[Dataset entries]
——

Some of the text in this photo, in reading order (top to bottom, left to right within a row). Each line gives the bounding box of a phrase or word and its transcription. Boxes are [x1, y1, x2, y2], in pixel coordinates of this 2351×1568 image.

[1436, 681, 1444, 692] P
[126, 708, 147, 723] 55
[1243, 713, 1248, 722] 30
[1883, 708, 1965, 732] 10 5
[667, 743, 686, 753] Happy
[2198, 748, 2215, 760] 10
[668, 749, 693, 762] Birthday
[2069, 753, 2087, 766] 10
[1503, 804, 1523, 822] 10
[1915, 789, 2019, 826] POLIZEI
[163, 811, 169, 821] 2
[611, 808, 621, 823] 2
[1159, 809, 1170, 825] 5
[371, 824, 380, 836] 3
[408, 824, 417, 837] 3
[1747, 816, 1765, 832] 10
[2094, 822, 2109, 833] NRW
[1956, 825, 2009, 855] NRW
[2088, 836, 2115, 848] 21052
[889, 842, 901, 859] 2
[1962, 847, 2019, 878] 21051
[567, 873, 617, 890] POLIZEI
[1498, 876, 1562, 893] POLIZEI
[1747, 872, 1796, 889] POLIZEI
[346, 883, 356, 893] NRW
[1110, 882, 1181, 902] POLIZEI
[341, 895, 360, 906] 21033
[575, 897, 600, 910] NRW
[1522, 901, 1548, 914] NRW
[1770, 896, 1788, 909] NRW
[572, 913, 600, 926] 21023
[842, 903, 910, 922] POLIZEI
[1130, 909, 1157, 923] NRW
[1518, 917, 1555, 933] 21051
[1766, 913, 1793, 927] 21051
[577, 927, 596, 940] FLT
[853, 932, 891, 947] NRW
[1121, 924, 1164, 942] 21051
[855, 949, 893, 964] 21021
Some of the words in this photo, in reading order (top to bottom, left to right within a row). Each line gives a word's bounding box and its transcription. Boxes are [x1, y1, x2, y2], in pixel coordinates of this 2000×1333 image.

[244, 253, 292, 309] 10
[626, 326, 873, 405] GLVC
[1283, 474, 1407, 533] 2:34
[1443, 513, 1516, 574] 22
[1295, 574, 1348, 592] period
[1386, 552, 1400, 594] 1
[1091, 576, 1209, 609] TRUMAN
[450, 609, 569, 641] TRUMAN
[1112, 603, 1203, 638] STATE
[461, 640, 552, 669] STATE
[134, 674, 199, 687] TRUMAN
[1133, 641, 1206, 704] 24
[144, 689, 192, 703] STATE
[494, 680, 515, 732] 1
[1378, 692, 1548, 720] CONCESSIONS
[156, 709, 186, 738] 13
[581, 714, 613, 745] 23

——

Task objective: Your response should hold only an exact copy of the lines above, from the one containing "Some of the words" through the end of the entries.

Answer to this task:
Some of the words in this photo, in reading order (top to bottom, left to right within a row). Each line gives a word's bounding box and its transcription. Boxes are [x1, y1, x2, y2], in pixel coordinates of this 2000×1333 image.

[244, 253, 292, 309] 10
[626, 326, 873, 405] GLVC
[1283, 474, 1407, 533] 2:34
[1443, 513, 1516, 574] 22
[1295, 574, 1348, 592] period
[1386, 552, 1400, 594] 1
[1091, 576, 1209, 609] TRUMAN
[450, 609, 569, 641] TRUMAN
[1112, 603, 1203, 638] STATE
[461, 640, 552, 669] STATE
[134, 674, 199, 687] TRUMAN
[1133, 641, 1206, 704] 24
[144, 689, 192, 703] STATE
[494, 680, 515, 732] 1
[1378, 692, 1548, 720] CONCESSIONS
[156, 709, 186, 738] 13
[581, 714, 613, 745] 23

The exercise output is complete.